ジェスチャーの設定はシステム設定のマウスとタッチパッド→ジェスチャーから変更できます。
◆ 日本語対応への変化:パネルにIMEが表示されるように
elementary OS 5以降、デフォルトでibus-mozcがインストールされ利用可能でしたが、インジケーターなど目立つところにIMEが表示されていませんでした。このため、ibus-mozcが使えることに気づかずfcitx-mozcをインストールするユーザーが一定数いました。
elementary OS 6では、キーボードインジケーターにIME(インプットメソッド)が表示されるようになったので、これでIMEの切り替えが楽になるとともに、IMEが利用可能であることを視覚的に訴えることができるようになったといえます。
このように日本語化が進んだ一方で、ローカライゼーションに関する不具合も出ています。
デフォルトでタイムゾーンがUTCになっていて、インストール後自動でJTSに設定されませんでした。このためシステム設定→日付と時刻から”位置情報に基づいて設定”のスイッチをオフにし、手動で東京を選択しました。
◆ ファイル
ファイル(ファイラーアプリ)は、サイドバーの見た目が書き直されエレガントになりました。
また、クリックでの動作が変更されました。従来はシングルクリックでファイルやフォルダーを開く設定になっていました。しかしelementary OS 6では、ファイルはダブルクリック、フォルダーはシングルクリックで開く仕様になりました。
タブの複製や新しいウィンドウで開く動作にも対応しました。これはGraniteというelementary OS独自のライブラリに追加された機能なので、このライブラリを使用しているほかのアプリ(ターミナルなど)でも利用可能です。
◆ ターミナル
ターミナルには、タブを再読み込みする機能、URLのコンテキストメニューにデフォルトのWebブラウザで開くオプションが追加されました。
◆ コード
elementary OSにはデフォルトでIDEがついています。0.4までScratchと呼ばれていたテキストエディターを拡張させた、コードというアプリです。

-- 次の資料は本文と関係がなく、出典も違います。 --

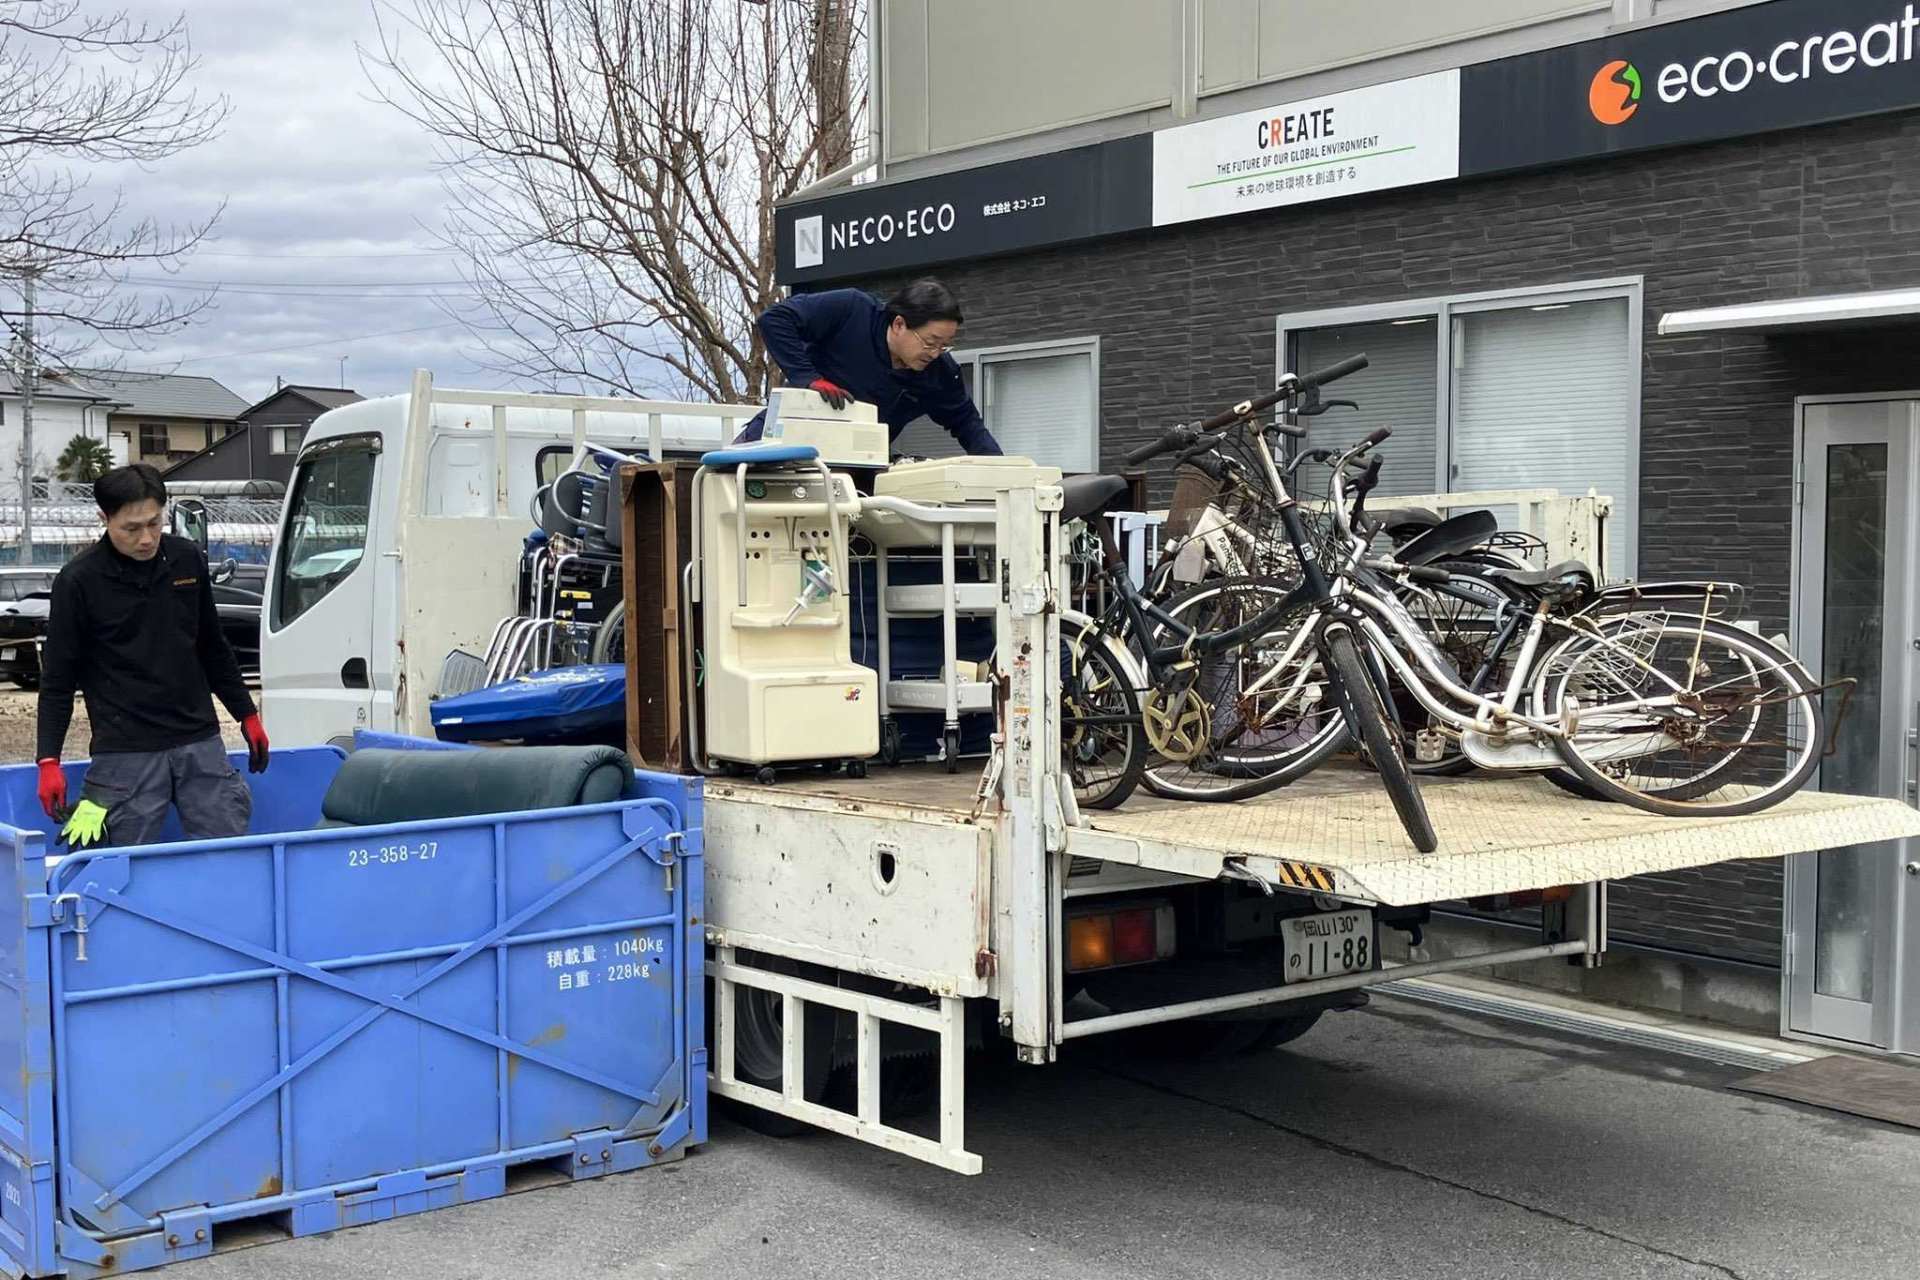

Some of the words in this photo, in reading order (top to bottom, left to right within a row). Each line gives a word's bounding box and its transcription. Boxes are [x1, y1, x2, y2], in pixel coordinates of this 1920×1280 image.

ブランチ操作や変更箇所の表示など、Gitとの統合が進められているようです。私はVisual Studio Code派なので常用はしていませんが……
◆ カメラ
“カメラ”は輝度とコントラストの調整に対応しました。ミラーリングオプションも追加されています。
◆ メール
もともとGearyというアプリをフォークして開発されていた“メール”。今回コードがゼロから書き直され、システム設定で追加したアカウントを使用するようになりました。
ただGmailを使う場合、Googleアカウントの設定で”アプリパスワード”の設定が必要らしいです。GoogleがこのメールアプリのOAuth 2.0を承認していない?とかなんとか聞いたことがあります。
◆ そのほかの変更点
そのほか、システム設定でファームウェアのアップデートができるようになっていたりするみたいです。
◆ まとめ
今回はelementary OSの最新リリース、6 Odinの新機能の一部を紹介しました。日本ではそこまで著名ではないですが個人的に好きなOSなので、今後の進化にも注目したいと思います。